=== Records supplied ===
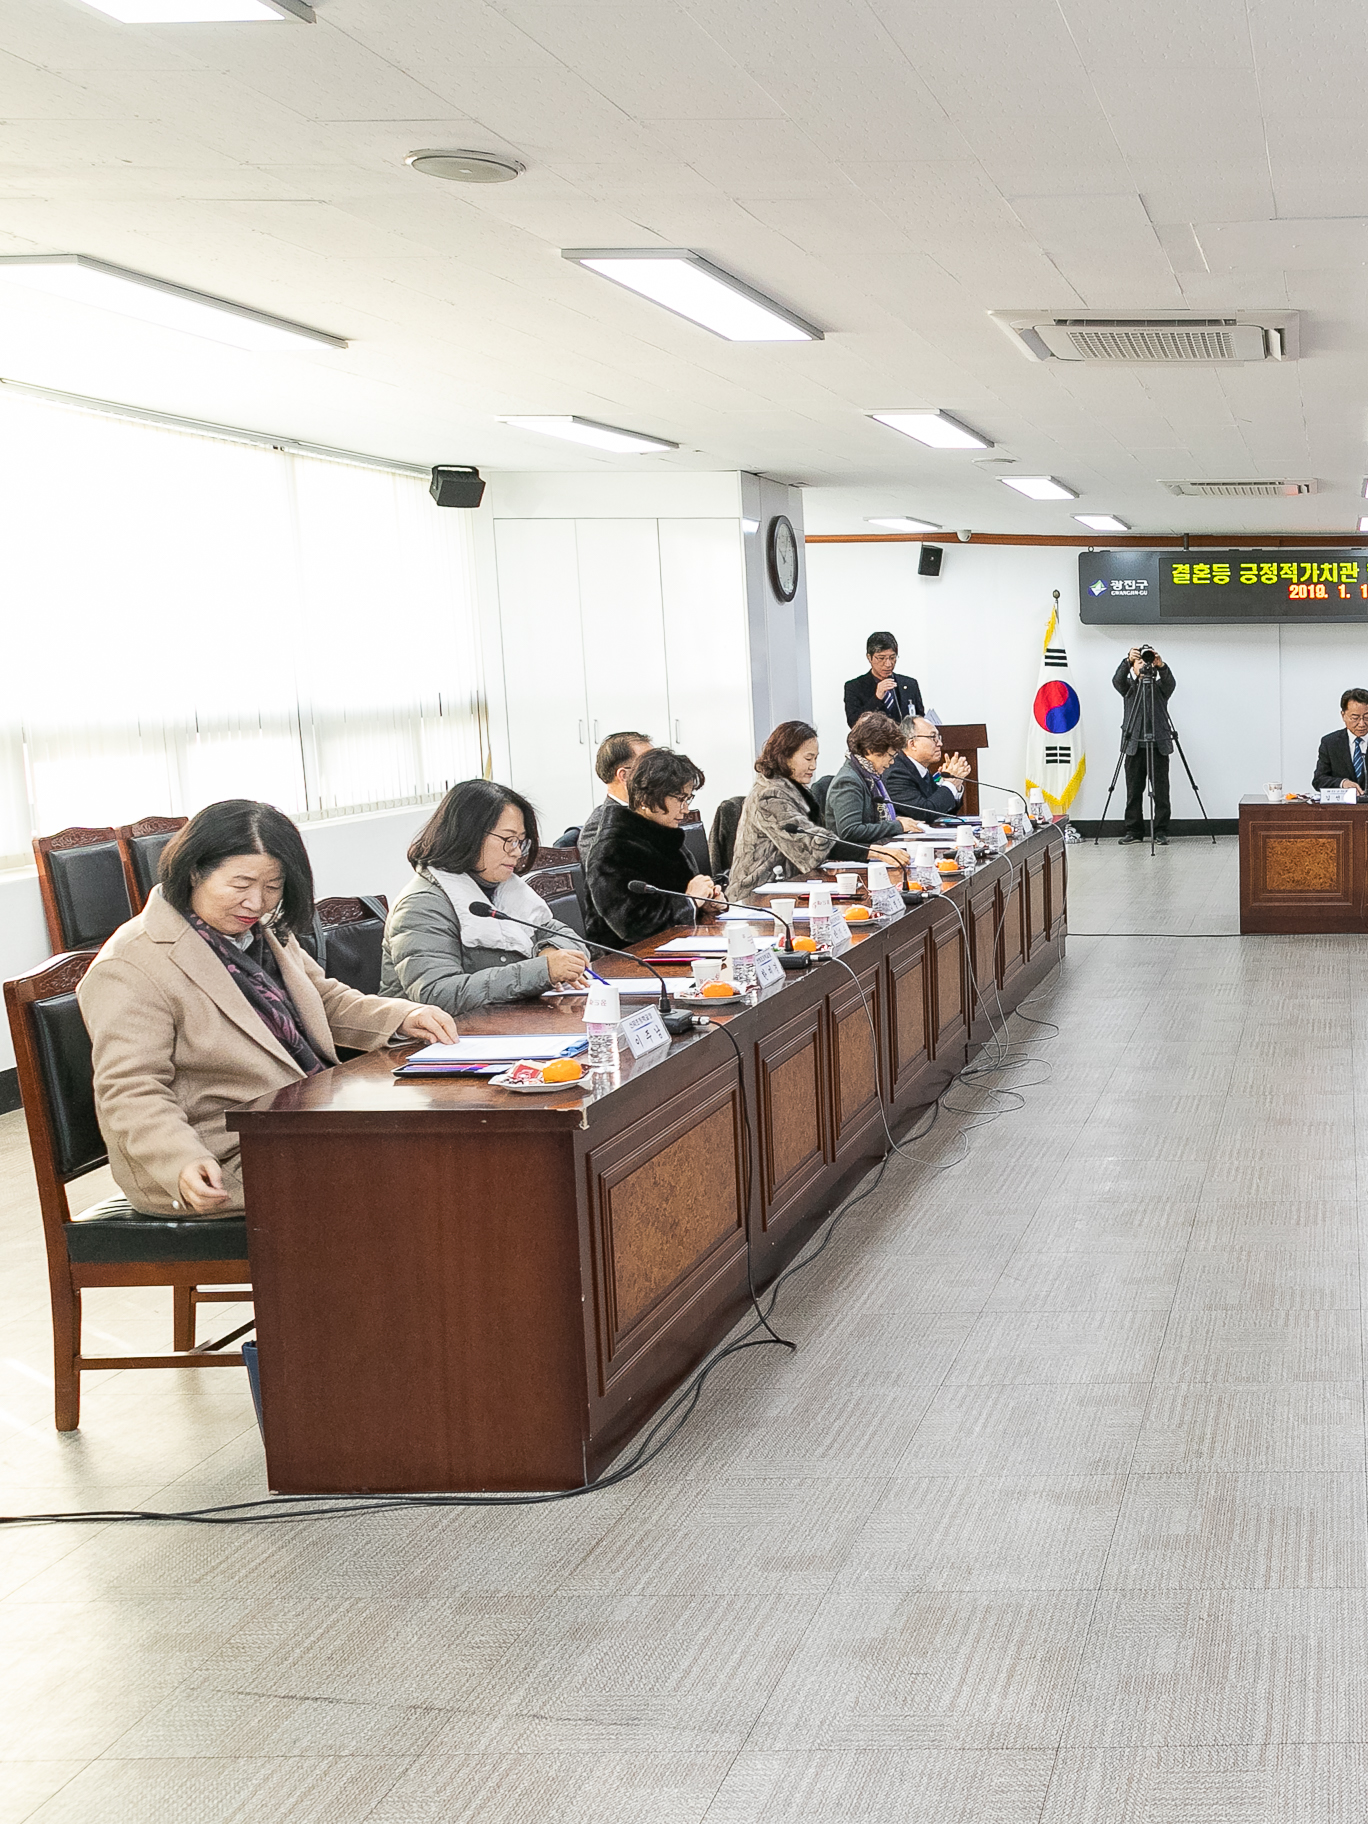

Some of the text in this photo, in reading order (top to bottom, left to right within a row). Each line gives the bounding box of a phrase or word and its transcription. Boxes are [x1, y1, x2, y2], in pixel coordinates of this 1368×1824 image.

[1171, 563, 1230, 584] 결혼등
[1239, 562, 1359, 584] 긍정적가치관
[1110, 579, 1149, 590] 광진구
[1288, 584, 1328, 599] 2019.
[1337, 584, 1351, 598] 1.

=== Brief ===
Could you set down the records above exactly, skipping any picture?

=== Response area ===
Some of the text in this photo, in reading order (top to bottom, left to right within a row). Each line gives the bounding box of a phrase or word and its transcription. Boxes are [x1, y1, x2, y2], in pixel coordinates of this 1368×1824 image.

[1171, 563, 1230, 584] 결혼등
[1239, 562, 1359, 584] 긍정적가치관
[1110, 579, 1149, 590] 광진구
[1288, 584, 1328, 599] 2019.
[1337, 584, 1351, 598] 1.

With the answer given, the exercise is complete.